Exercise goal: All that is wanted is the exact text of each line from the one with "this 1200×1600 image." to the close of the listing, ends included.
[Data extract Boundary: Start]
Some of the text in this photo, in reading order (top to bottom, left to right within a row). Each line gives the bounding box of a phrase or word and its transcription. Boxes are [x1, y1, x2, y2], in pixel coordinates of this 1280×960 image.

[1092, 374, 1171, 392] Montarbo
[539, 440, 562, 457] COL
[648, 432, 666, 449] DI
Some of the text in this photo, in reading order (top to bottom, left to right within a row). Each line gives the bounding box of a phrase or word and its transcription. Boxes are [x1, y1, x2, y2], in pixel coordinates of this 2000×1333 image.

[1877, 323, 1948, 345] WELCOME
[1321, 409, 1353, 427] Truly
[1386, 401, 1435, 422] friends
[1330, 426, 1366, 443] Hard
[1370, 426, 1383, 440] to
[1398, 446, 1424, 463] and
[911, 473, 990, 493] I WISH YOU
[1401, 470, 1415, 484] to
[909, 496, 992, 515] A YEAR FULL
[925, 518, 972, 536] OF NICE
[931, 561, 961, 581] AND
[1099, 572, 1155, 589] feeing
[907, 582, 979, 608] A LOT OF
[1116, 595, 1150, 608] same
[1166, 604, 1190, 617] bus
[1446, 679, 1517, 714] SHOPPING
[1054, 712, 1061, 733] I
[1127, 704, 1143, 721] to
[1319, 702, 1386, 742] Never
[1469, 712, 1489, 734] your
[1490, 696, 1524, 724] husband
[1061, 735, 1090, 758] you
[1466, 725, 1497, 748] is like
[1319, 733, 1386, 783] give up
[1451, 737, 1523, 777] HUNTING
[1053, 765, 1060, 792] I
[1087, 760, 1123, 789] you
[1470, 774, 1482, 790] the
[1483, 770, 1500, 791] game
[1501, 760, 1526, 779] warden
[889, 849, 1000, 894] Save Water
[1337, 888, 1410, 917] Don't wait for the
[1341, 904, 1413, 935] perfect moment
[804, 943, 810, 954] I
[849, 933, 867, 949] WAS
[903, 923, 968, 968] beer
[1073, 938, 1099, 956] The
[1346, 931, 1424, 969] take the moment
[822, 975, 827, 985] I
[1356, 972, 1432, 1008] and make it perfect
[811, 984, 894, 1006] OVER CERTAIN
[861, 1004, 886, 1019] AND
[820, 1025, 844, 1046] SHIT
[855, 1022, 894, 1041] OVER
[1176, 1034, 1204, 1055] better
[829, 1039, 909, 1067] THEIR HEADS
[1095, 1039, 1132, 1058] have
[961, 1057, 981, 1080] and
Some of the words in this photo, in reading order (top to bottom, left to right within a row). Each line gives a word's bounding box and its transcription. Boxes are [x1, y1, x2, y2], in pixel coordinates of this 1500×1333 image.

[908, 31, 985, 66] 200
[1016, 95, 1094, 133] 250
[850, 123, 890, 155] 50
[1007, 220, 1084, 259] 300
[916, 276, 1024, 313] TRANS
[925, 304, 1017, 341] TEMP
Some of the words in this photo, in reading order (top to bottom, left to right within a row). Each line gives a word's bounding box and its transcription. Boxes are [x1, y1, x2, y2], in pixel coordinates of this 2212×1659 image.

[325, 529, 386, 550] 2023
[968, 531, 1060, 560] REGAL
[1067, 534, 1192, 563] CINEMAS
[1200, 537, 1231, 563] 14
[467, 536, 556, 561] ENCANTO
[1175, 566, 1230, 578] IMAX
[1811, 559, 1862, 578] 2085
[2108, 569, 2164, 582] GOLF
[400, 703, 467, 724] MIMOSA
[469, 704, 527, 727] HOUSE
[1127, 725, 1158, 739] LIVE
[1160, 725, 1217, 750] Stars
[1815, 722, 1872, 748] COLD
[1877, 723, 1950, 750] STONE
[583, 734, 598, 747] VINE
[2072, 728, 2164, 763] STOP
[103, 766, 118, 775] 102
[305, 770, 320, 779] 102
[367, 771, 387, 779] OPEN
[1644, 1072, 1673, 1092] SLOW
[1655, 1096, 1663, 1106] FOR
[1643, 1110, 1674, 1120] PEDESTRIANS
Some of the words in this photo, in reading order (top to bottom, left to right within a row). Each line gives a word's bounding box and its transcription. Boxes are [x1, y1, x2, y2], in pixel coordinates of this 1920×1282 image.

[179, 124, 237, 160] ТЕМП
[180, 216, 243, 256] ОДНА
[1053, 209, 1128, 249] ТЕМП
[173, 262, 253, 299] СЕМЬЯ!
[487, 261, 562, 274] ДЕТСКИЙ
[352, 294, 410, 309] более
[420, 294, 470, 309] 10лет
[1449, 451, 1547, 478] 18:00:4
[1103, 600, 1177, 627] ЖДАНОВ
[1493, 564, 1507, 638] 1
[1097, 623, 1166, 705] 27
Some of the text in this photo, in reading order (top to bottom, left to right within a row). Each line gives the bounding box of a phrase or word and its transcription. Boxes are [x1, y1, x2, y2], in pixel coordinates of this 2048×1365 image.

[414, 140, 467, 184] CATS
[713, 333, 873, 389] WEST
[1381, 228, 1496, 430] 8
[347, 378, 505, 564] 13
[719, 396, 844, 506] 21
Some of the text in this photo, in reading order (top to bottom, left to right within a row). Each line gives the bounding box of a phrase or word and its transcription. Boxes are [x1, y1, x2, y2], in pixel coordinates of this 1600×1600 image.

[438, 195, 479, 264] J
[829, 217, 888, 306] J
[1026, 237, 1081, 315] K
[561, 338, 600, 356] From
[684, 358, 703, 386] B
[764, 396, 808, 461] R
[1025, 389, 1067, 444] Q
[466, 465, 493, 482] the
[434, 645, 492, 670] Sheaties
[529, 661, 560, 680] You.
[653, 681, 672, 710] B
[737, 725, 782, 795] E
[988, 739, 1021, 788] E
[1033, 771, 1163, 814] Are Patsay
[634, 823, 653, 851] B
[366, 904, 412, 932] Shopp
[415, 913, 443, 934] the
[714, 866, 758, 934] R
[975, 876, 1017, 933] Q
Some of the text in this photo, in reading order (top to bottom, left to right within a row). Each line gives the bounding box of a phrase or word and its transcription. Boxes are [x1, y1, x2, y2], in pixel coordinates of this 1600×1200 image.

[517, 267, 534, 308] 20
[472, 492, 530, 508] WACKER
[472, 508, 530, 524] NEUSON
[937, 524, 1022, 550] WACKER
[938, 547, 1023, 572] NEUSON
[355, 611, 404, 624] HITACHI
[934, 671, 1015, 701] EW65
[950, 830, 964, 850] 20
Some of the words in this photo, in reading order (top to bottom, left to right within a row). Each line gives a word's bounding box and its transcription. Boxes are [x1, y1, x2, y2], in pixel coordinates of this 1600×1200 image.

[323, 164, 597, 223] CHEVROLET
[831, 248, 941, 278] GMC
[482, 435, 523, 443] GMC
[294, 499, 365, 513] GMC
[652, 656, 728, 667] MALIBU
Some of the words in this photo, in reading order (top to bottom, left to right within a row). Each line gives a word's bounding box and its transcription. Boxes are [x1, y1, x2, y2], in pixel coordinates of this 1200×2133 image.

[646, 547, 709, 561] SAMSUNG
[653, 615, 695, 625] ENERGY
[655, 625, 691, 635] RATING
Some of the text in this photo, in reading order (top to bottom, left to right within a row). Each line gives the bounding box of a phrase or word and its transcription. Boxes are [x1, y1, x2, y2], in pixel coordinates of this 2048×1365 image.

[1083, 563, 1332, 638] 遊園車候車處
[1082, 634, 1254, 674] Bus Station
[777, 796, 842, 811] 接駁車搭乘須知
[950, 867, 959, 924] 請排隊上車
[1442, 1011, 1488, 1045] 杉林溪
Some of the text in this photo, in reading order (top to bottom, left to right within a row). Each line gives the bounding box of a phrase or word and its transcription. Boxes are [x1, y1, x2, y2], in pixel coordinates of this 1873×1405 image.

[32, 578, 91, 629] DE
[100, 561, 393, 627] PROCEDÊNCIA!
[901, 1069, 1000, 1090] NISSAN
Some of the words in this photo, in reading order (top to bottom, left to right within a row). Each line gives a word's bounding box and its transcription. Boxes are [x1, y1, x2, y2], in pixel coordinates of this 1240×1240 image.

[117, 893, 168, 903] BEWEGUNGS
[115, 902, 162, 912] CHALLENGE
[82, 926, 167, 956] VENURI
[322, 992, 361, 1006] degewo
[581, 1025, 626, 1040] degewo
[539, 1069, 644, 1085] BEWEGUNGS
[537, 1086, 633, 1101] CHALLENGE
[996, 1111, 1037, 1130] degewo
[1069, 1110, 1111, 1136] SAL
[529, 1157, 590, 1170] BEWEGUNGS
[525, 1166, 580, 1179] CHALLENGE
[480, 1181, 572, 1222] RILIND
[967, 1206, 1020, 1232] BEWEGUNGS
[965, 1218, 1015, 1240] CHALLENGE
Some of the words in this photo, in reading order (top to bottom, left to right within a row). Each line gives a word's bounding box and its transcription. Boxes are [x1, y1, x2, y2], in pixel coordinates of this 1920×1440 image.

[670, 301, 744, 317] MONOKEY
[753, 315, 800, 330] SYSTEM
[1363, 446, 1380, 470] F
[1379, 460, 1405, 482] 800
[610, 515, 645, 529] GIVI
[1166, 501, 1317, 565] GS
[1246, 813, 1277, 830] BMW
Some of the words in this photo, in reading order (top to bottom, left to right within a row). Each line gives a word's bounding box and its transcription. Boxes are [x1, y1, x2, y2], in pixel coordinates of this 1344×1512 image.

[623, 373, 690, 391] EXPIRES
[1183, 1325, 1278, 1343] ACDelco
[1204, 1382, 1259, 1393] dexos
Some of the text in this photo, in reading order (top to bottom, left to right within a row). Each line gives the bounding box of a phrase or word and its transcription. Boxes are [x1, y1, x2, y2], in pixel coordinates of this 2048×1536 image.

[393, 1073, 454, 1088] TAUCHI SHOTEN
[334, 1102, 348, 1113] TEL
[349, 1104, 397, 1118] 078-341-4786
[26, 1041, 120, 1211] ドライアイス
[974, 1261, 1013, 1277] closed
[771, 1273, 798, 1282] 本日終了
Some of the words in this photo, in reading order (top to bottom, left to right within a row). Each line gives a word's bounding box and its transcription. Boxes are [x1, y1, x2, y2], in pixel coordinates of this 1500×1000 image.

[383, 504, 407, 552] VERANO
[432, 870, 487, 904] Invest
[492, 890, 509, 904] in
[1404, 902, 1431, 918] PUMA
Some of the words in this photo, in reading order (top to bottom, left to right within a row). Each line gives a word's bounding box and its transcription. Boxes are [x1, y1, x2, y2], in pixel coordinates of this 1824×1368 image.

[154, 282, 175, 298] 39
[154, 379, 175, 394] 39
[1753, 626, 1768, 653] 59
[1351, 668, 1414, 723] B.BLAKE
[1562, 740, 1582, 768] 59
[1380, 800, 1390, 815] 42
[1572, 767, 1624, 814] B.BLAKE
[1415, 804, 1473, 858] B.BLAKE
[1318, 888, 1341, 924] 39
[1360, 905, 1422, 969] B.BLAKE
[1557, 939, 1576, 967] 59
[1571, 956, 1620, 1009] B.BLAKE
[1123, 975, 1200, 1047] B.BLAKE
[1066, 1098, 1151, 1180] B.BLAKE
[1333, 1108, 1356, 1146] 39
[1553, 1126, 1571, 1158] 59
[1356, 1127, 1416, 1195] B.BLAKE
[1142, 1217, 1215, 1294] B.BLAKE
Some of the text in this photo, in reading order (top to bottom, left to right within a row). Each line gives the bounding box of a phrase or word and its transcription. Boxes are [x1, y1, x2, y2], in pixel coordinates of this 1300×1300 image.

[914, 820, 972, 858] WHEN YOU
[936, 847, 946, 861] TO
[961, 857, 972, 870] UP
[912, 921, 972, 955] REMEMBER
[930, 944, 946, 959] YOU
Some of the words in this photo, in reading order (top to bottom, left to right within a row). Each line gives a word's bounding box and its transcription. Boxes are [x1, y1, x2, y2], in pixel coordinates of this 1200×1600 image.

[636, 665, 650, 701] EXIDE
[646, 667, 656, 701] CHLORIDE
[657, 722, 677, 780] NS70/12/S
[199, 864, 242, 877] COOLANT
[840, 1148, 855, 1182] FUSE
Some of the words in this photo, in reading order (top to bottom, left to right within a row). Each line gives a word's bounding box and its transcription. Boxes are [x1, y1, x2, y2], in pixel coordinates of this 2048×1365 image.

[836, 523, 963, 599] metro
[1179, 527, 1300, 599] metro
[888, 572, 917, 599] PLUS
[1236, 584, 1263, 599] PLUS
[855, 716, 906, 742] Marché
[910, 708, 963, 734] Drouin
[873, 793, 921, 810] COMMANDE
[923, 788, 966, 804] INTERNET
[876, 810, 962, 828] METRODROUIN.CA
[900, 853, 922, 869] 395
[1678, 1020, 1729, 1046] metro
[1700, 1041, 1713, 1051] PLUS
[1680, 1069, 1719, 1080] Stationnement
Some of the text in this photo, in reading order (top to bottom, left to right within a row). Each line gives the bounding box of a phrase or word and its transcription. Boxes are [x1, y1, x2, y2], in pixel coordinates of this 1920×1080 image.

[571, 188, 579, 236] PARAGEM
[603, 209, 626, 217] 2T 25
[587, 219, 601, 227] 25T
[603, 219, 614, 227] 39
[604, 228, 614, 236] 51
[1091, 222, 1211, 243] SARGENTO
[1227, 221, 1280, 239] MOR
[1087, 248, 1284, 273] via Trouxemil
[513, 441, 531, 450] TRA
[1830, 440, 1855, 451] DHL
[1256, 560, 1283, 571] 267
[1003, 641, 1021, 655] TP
[Data extract Boundary: End]
Result of the task:
Some of the words in this photo, in reading order (top to bottom, left to right within a row). Each line gives a word's bounding box and its transcription. Boxes are [x1, y1, x2, y2], in pixel coordinates of this 1200×1600 image.

[636, 665, 650, 701] EXIDE
[646, 667, 656, 701] CHLORIDE
[657, 722, 677, 780] NS70/12/S
[199, 864, 242, 877] COOLANT
[840, 1148, 855, 1182] FUSE
Some of the words in this photo, in reading order (top to bottom, left to right within a row). Each line gives a word's bounding box and its transcription. Boxes are [x1, y1, x2, y2], in pixel coordinates of this 2048×1365 image.

[836, 523, 963, 599] metro
[1179, 527, 1300, 599] metro
[888, 572, 917, 599] PLUS
[1236, 584, 1263, 599] PLUS
[855, 716, 906, 742] Marché
[910, 708, 963, 734] Drouin
[873, 793, 921, 810] COMMANDE
[923, 788, 966, 804] INTERNET
[876, 810, 962, 828] METRODROUIN.CA
[900, 853, 922, 869] 395
[1678, 1020, 1729, 1046] metro
[1700, 1041, 1713, 1051] PLUS
[1680, 1069, 1719, 1080] Stationnement
Some of the text in this photo, in reading order (top to bottom, left to right within a row). Each line gives the bounding box of a phrase or word and its transcription. Boxes are [x1, y1, x2, y2], in pixel coordinates of this 1920×1080 image.

[571, 188, 579, 236] PARAGEM
[603, 209, 626, 217] 2T 25
[587, 219, 601, 227] 25T
[603, 219, 614, 227] 39
[604, 228, 614, 236] 51
[1091, 222, 1211, 243] SARGENTO
[1227, 221, 1280, 239] MOR
[1087, 248, 1284, 273] via Trouxemil
[513, 441, 531, 450] TRA
[1830, 440, 1855, 451] DHL
[1256, 560, 1283, 571] 267
[1003, 641, 1021, 655] TP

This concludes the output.